• [What the exercise asks] Below are records to be copied exactly; their pictures are to be omitted.
--- Given information ---
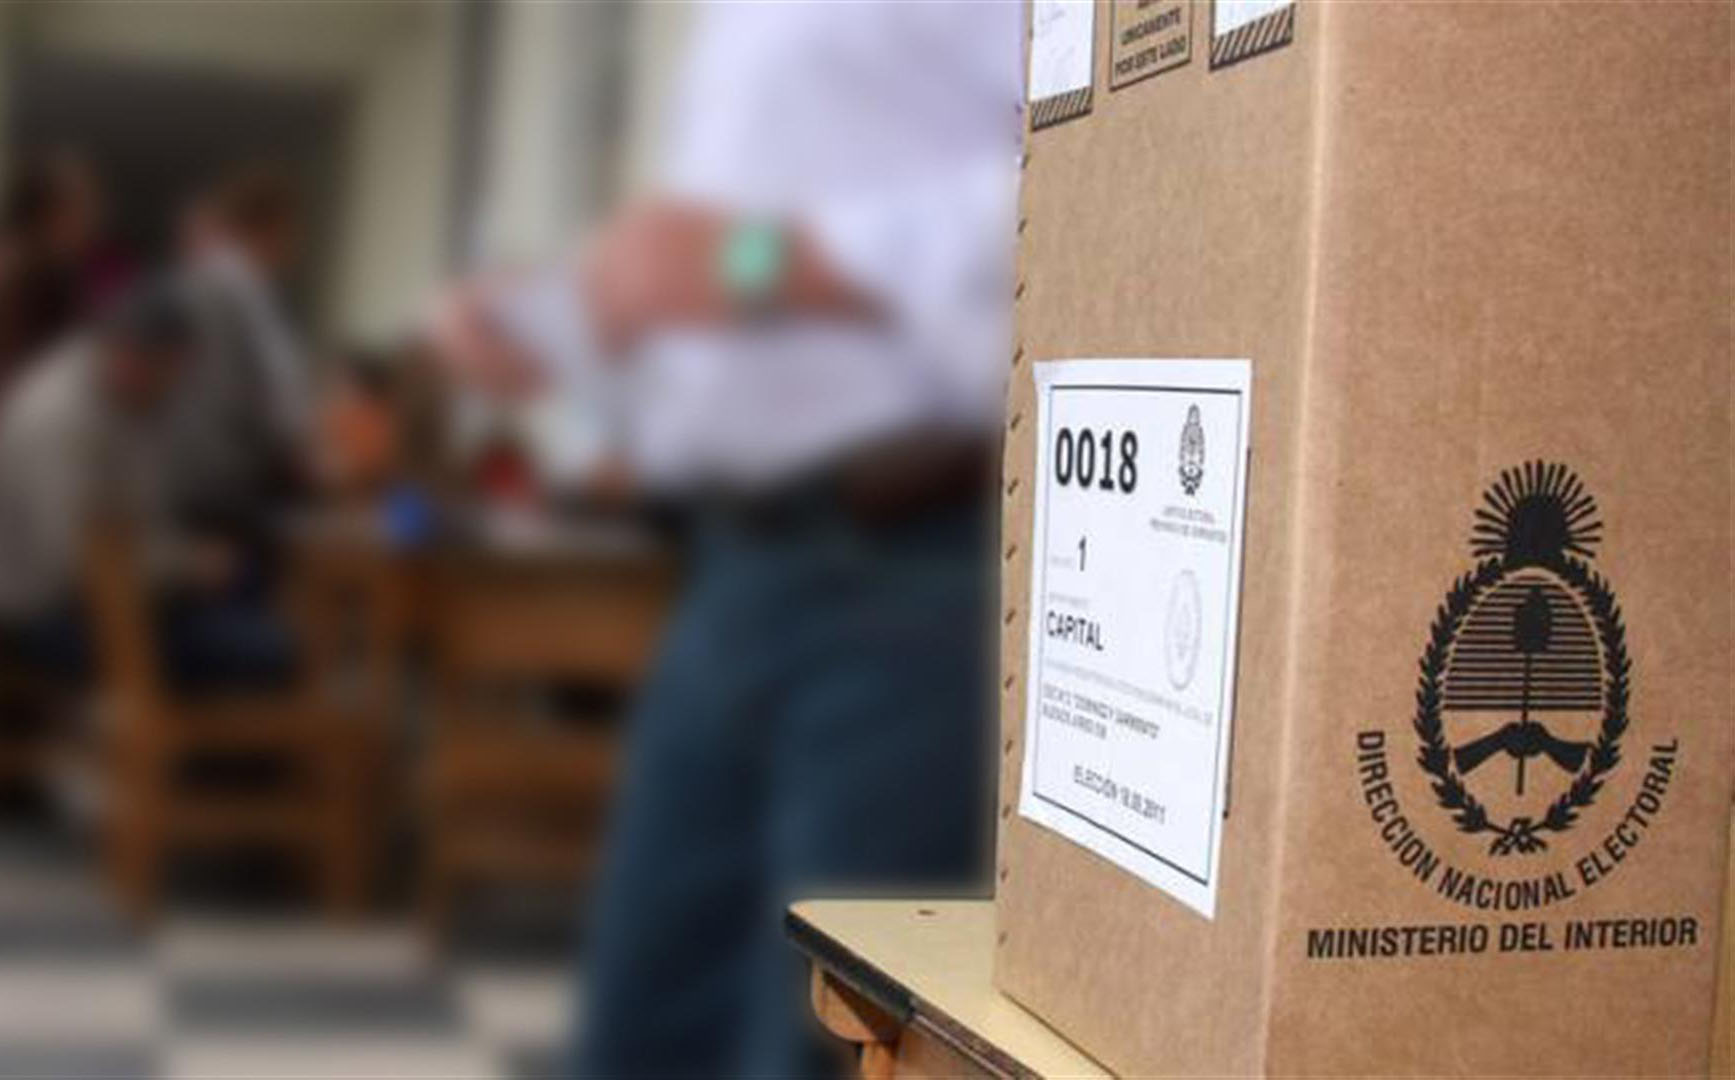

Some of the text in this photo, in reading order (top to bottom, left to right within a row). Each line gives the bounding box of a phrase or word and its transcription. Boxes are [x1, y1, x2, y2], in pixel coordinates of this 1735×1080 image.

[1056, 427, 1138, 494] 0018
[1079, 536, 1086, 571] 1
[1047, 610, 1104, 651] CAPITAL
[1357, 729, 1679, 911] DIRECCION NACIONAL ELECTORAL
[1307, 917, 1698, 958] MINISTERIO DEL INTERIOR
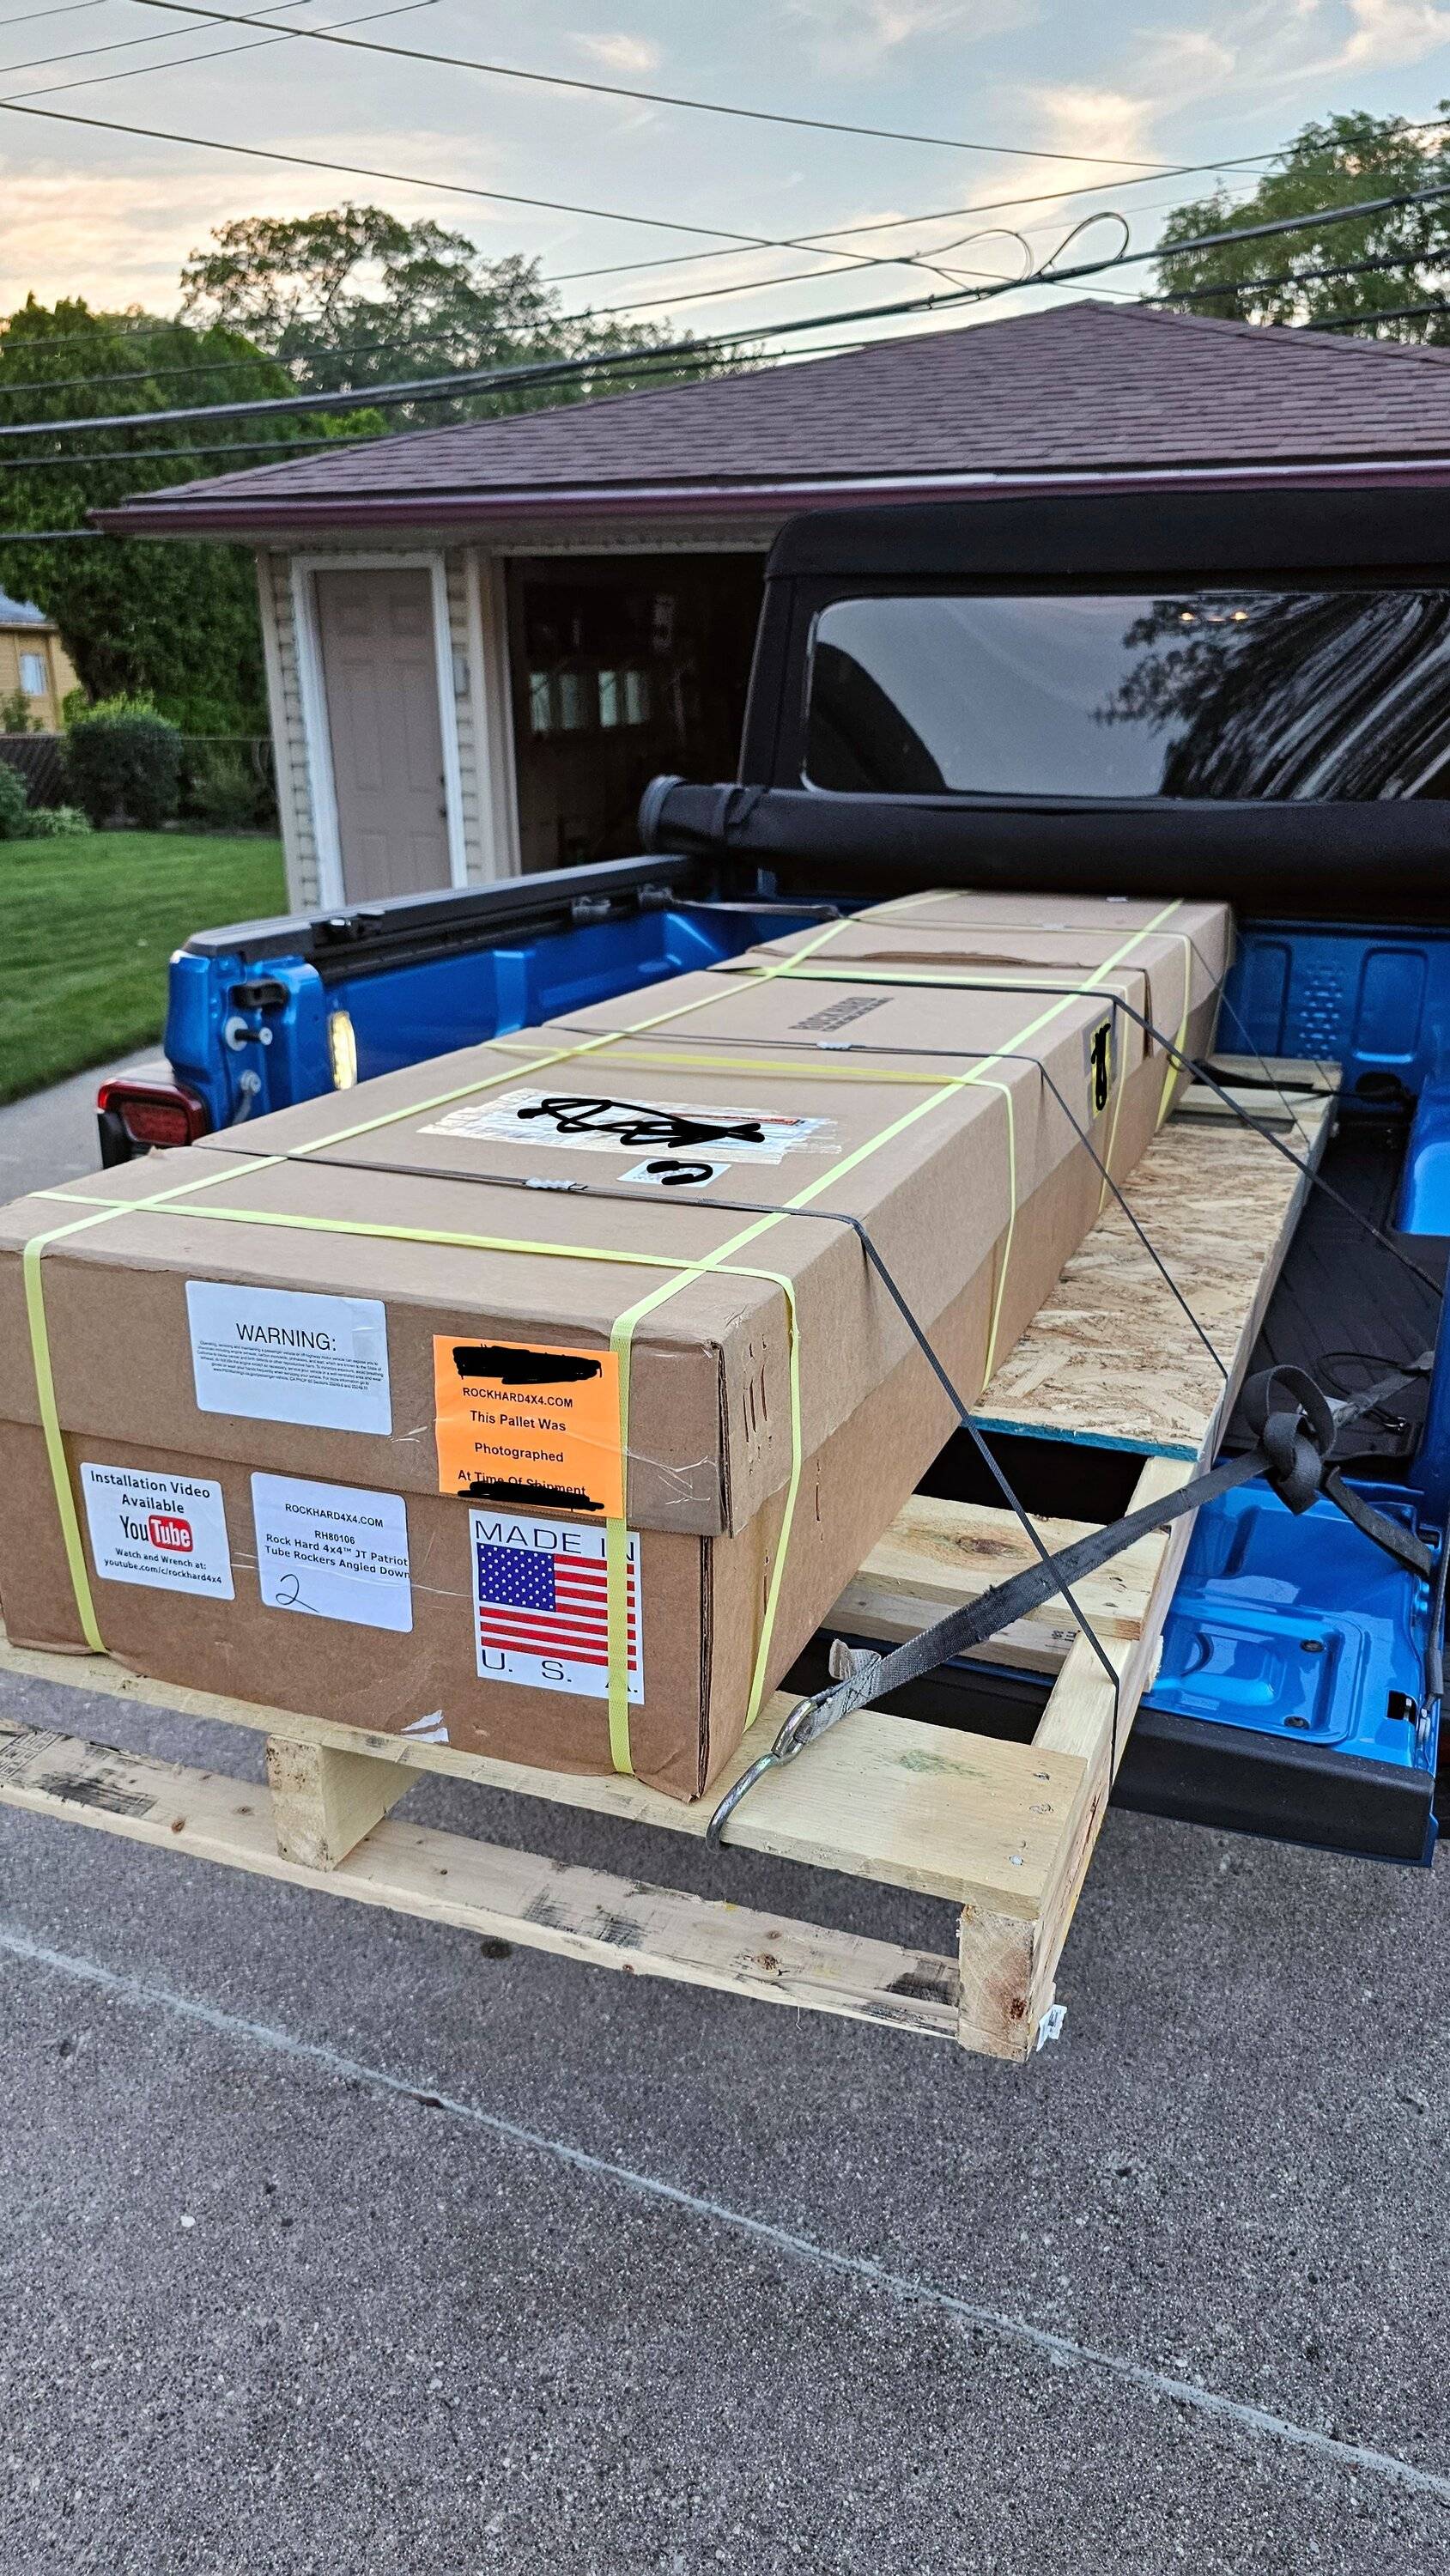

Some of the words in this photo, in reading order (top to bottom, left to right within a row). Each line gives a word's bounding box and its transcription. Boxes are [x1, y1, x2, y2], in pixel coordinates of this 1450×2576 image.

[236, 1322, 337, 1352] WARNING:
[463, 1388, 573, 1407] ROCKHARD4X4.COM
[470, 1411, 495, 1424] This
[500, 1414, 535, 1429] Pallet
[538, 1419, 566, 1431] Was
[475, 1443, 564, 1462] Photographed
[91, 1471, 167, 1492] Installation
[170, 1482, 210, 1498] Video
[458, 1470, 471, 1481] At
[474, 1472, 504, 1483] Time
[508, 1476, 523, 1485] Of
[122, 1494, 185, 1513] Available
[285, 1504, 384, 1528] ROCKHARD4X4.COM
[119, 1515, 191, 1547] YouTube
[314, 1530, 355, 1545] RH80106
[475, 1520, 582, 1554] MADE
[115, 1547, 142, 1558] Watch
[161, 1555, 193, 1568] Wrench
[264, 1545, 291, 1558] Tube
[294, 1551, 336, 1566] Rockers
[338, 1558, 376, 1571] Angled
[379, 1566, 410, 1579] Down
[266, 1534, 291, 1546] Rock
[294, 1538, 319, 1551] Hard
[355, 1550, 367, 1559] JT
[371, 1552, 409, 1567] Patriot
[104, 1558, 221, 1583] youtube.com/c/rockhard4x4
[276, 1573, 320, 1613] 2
---
• [Response below]
Some of the text in this photo, in reading order (top to bottom, left to right within a row). Each line gives the bounding box of a phrase or word and its transcription. Boxes are [x1, y1, x2, y2], in pixel coordinates of this 1735×1080 image.

[1056, 427, 1138, 494] 0018
[1079, 536, 1086, 571] 1
[1047, 610, 1104, 651] CAPITAL
[1357, 729, 1679, 911] DIRECCION NACIONAL ELECTORAL
[1307, 917, 1698, 958] MINISTERIO DEL INTERIOR

Some of the words in this photo, in reading order (top to bottom, left to right within a row). Each line gives a word's bounding box and its transcription. Boxes are [x1, y1, x2, y2], in pixel coordinates of this 1450×2576 image.

[236, 1322, 337, 1352] WARNING:
[463, 1388, 573, 1407] ROCKHARD4X4.COM
[470, 1411, 495, 1424] This
[500, 1414, 535, 1429] Pallet
[538, 1419, 566, 1431] Was
[475, 1443, 564, 1462] Photographed
[91, 1471, 167, 1492] Installation
[170, 1482, 210, 1498] Video
[458, 1470, 471, 1481] At
[474, 1472, 504, 1483] Time
[508, 1476, 523, 1485] Of
[122, 1494, 185, 1513] Available
[285, 1504, 384, 1528] ROCKHARD4X4.COM
[119, 1515, 191, 1547] YouTube
[314, 1530, 355, 1545] RH80106
[475, 1520, 582, 1554] MADE
[115, 1547, 142, 1558] Watch
[161, 1555, 193, 1568] Wrench
[264, 1545, 291, 1558] Tube
[294, 1551, 336, 1566] Rockers
[338, 1558, 376, 1571] Angled
[379, 1566, 410, 1579] Down
[266, 1534, 291, 1546] Rock
[294, 1538, 319, 1551] Hard
[355, 1550, 367, 1559] JT
[371, 1552, 409, 1567] Patriot
[104, 1558, 221, 1583] youtube.com/c/rockhard4x4
[276, 1573, 320, 1613] 2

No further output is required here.